Institute of Neurology, University College London, Queen Square, London, UK.
Wellcome Centre for Human Neuroimaging, University College London, 12 Queen Square, London, UK.
Acta Neurochir (Wien). 2020 Dec;162(12):3055-3065. doi: 10.1007/s00701-020-04561-w. Epub 2020 Oct 2.
Awake craniotomy is the standard of care in surgery of tumours located in eloquent parts of the brain. However, high variability is recorded in multiple parameters, including anaesthetic techniques, mapping paradigms and technology adjuncts. The current study is focused primarily on patients' level of consciousness, surgical technique, and experience based on a cohort of 50 consecutive cases undergoing awake throughout craniotomy (ATC).
Data was collected prospectively for 46 patients undergoing 50 operations over 14-month period, by the senior author, including demographics, extent of resection (EOR), adverse intraoperative events, surgical morbidity, surgery duration, levels of O saturation and brain oedema. A prospective, patient experience questionnaire was delivered to 38 patients.

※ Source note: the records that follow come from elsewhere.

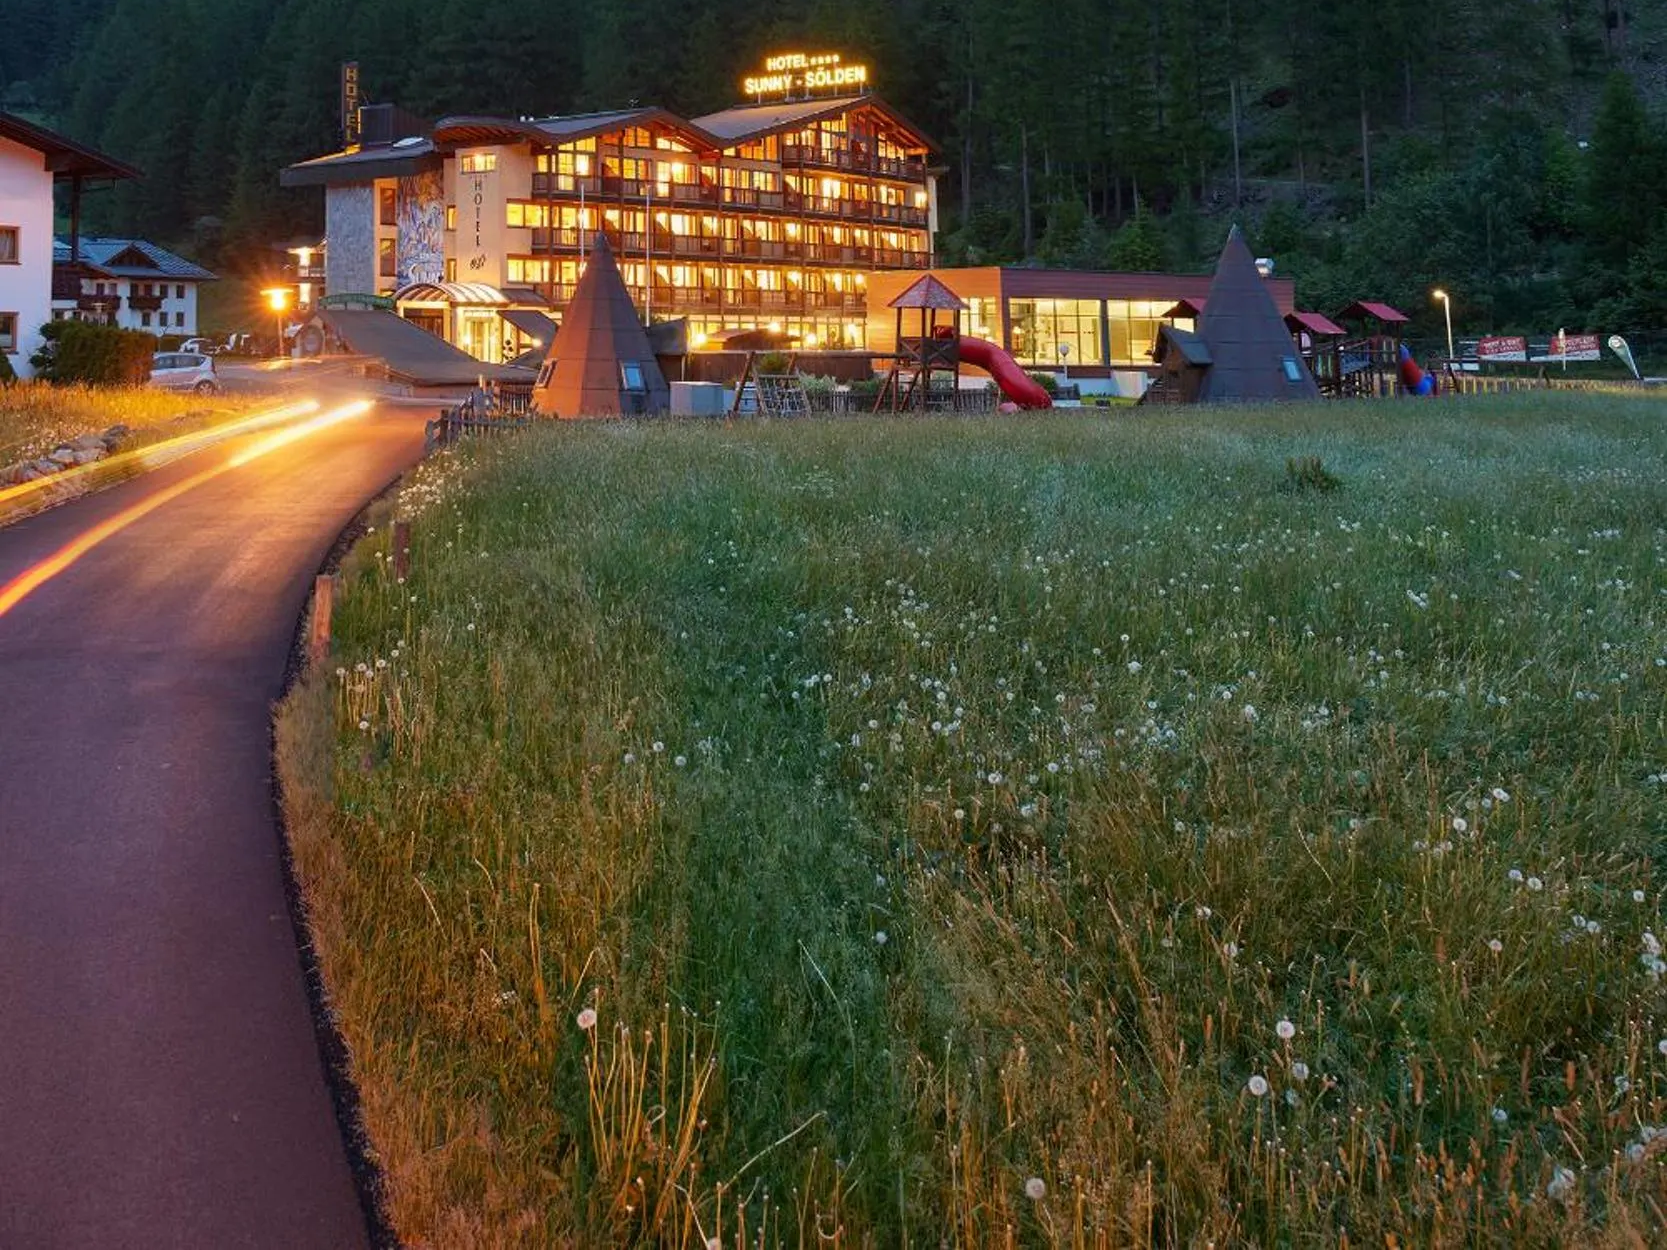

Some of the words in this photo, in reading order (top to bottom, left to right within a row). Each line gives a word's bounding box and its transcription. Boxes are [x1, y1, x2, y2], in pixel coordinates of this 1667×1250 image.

[744, 74, 792, 94] SUNNY
[805, 66, 866, 88] SÖLDEN
[766, 53, 808, 71] HOTEL
[346, 67, 358, 141] HOTEL
[474, 178, 482, 247] HOTEL

The ATC technique was well tolerated in all patients. Once TCI stopped, all patients were immediately assessable for mapping. Despite > 75% of cases being considered inoperable/high risk, gross total resection (GTR) was achieved in 68% patients and subtotal resection in 20%. The average duration of surgery was 220 min with no episodes of hypoxia. Early and late severe deficits recorded in 12% and 2%, respectively. No stimulation-induced seizures or failed ATCs were recorded. Patient-recorded data showed absent/minimal pain during (1) clamp placement in 95.6% of patients; (2) drilling in 94.7% of patients; (3) surgery in 78.9% of patients. Post-operatively, 92.3% of patients reported willingness to repeat the ATC, if necessary.

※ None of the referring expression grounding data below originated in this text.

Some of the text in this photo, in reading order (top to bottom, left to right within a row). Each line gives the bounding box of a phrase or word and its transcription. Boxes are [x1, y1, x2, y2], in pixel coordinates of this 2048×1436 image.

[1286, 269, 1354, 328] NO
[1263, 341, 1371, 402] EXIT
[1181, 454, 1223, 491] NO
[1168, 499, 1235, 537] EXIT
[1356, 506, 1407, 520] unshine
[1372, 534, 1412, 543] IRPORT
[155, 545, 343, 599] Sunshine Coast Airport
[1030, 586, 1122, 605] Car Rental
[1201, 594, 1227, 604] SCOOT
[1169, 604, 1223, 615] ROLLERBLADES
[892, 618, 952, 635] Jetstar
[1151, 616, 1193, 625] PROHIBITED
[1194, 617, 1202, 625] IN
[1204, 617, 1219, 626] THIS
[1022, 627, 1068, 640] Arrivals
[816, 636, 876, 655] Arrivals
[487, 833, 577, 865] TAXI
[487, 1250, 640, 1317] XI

The current ATC paradigm allows immediate brain mapping, maximising patient comfort during self-positioning. Despite the cohort of challenging tumour location, satisfactory EOR was achieved with acceptable morbidity and no adverse intraoperative events.
在位于大脑功能区的肿瘤手术中,清醒开颅术是标准的治疗方法。然而,在包括麻醉技术、映射范式和技术辅助在内的多个参数中,记录到了高度的可变性。目前的研究主要集中在 50 例连续接受清醒开颅术(ATC)的患者的意识水平、手术技术和经验上。
通过资深作者,前瞻性地收集了 46 名患者的 50 例手术的数据,包括人口统计学数据、切除范围(EOR)、术中不良事件、手术发病率、手术持续时间、O 饱和度和脑水肿水平。向 38 名患者发放了一份前瞻性的患者体验问卷调查。
ATC 技术在所有患者中均能很好地耐受。一旦 TCI 停止,所有患者都可以立即进行映射评估。尽管超过 75%的病例被认为是不可手术/高风险的,但仍有 68%的患者实现了全切除(GTR),20%的患者实现了次全切除。手术平均持续 220 分钟,没有缺氧发作。分别有 12%和 2%的患者出现早期和晚期严重缺陷。没有记录到刺激诱导的癫痫发作或 ATC 失败。患者记录的数据显示,在 95.6%的患者中,(1)夹钳放置期间无/轻微疼痛;(2)在 94.7%的患者中,钻孔期间无/轻微疼痛;(3)在 78.9%的患者中,手术期间无/轻微疼痛。术后,92.3%的患者表示,如果需要,愿意再次接受 ATC。
目前的 ATC 范式允许立即进行脑映射,最大限度地提高了患者在自我定位时的舒适度。尽管肿瘤位置具有挑战性,但仍实现了令人满意的 EOR,发病率可接受,且无术中不良事件。